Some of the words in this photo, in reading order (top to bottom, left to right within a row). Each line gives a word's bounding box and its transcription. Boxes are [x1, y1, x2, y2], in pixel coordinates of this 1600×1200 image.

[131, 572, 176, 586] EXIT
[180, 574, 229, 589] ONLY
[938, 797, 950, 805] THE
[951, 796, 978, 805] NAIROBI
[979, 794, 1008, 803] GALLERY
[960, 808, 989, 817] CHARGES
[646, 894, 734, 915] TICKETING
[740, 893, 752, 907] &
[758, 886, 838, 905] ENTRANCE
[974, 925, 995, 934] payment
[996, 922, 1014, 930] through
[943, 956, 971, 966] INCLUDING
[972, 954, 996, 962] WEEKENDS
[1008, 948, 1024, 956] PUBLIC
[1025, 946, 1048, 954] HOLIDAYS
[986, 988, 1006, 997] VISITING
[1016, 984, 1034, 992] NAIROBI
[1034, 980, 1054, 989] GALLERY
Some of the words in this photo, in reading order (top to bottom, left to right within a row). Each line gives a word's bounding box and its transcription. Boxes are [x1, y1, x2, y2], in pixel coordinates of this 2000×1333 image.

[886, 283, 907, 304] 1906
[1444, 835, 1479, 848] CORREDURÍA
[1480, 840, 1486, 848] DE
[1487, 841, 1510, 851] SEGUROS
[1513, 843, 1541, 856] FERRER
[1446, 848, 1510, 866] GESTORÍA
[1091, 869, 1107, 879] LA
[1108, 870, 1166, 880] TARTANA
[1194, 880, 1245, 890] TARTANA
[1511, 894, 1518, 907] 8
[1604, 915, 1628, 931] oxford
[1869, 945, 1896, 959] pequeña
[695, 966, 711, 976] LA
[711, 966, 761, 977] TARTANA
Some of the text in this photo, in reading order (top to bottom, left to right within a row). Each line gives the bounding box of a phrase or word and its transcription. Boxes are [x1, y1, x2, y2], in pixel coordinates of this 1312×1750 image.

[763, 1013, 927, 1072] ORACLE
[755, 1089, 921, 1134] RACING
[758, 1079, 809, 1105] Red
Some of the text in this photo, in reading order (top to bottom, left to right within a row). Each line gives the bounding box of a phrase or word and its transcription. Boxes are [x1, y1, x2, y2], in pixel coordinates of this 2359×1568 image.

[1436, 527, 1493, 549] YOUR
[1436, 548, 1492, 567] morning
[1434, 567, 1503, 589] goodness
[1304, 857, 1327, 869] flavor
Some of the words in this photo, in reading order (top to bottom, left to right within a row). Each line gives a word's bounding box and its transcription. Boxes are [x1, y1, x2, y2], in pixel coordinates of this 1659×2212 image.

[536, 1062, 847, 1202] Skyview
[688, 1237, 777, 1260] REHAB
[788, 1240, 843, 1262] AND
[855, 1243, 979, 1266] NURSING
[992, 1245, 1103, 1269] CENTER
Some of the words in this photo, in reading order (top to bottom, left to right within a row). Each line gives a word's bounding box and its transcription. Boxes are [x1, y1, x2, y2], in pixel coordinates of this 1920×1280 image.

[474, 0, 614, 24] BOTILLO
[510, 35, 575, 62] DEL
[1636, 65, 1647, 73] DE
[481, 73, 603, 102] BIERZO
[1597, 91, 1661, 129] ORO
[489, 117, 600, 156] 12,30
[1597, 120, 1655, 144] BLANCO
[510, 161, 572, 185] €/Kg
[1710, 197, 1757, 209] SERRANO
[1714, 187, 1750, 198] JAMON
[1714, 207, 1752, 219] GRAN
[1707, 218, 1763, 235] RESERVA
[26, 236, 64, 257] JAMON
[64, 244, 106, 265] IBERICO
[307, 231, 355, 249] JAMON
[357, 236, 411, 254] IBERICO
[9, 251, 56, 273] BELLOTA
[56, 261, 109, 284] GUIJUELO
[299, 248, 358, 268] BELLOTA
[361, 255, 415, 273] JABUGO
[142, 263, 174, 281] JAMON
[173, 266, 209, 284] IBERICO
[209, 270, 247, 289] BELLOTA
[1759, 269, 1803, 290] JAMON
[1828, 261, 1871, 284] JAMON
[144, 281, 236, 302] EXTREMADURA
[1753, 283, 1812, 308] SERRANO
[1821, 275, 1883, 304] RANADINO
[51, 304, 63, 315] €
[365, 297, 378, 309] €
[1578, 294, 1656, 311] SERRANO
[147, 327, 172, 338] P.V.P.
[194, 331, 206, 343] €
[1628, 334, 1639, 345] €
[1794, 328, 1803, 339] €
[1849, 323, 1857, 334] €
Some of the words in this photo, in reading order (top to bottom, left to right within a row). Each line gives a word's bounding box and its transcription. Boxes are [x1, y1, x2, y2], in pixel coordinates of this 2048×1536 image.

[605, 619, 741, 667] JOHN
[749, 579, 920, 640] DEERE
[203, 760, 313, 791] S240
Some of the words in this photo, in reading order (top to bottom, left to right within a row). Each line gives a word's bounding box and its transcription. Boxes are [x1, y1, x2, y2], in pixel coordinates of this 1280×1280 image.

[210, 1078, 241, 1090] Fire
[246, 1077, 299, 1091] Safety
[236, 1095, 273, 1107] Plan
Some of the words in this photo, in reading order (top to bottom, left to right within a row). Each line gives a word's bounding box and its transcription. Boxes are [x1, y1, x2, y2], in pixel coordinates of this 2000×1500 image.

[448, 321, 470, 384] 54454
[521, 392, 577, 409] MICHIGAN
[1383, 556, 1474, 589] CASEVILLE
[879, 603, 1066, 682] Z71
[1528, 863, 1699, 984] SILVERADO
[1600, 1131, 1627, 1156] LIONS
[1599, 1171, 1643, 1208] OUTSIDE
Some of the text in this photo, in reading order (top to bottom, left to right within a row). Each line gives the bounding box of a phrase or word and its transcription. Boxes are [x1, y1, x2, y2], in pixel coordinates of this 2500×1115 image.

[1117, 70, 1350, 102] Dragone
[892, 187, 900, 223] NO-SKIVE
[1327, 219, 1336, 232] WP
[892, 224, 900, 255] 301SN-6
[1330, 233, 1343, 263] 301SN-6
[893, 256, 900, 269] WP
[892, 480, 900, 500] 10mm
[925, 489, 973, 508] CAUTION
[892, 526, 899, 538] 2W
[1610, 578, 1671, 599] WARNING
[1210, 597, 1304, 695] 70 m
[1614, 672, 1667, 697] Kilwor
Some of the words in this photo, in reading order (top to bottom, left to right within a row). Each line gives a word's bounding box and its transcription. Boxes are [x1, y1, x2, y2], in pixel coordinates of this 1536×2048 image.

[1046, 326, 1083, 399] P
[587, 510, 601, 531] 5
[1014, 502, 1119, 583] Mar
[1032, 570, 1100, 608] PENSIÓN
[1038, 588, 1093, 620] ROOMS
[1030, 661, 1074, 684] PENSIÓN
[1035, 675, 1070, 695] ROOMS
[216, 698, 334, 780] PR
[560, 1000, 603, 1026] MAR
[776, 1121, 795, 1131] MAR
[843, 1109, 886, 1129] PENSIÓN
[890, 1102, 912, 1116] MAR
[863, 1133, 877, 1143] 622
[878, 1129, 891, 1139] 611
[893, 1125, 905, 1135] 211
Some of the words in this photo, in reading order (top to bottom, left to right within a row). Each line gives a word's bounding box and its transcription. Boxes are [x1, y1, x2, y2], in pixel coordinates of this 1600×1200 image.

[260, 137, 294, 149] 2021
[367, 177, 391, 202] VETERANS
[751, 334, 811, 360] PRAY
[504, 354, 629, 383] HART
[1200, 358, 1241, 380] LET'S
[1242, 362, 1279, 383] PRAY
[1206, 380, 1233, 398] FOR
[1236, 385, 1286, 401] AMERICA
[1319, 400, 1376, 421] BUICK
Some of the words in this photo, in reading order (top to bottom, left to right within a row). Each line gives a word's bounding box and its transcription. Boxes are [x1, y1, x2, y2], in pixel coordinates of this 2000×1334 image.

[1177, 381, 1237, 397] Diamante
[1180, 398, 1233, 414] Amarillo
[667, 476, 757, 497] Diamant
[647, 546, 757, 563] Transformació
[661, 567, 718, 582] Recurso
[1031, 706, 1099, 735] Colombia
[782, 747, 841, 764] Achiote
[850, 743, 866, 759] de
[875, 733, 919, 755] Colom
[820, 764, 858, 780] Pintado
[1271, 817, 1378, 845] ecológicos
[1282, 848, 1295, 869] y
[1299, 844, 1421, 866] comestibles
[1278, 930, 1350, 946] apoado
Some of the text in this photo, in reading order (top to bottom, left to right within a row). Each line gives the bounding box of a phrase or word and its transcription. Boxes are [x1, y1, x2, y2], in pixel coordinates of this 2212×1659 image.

....

→ PROBLEM REQUIREMENTS: What must be transcribed is the run of lines from the one containing "this 2000×1334 image." to the last line of the data above, inclusive, and only that.

→ RESULT FOR THIS TASK:
Some of the words in this photo, in reading order (top to bottom, left to right within a row). Each line gives a word's bounding box and its transcription. Boxes are [x1, y1, x2, y2], in pixel coordinates of this 2000×1334 image.

[1177, 381, 1237, 397] Diamante
[1180, 398, 1233, 414] Amarillo
[667, 476, 757, 497] Diamant
[647, 546, 757, 563] Transformació
[661, 567, 718, 582] Recurso
[1031, 706, 1099, 735] Colombia
[782, 747, 841, 764] Achiote
[850, 743, 866, 759] de
[875, 733, 919, 755] Colom
[820, 764, 858, 780] Pintado
[1271, 817, 1378, 845] ecológicos
[1282, 848, 1295, 869] y
[1299, 844, 1421, 866] comestibles
[1278, 930, 1350, 946] apoado
Some of the text in this photo, in reading order (top to bottom, left to right within a row). Each line gives the bounding box of a phrase or word and its transcription. Boxes are [x1, y1, x2, y2], in pixel coordinates of this 2212×1659 image.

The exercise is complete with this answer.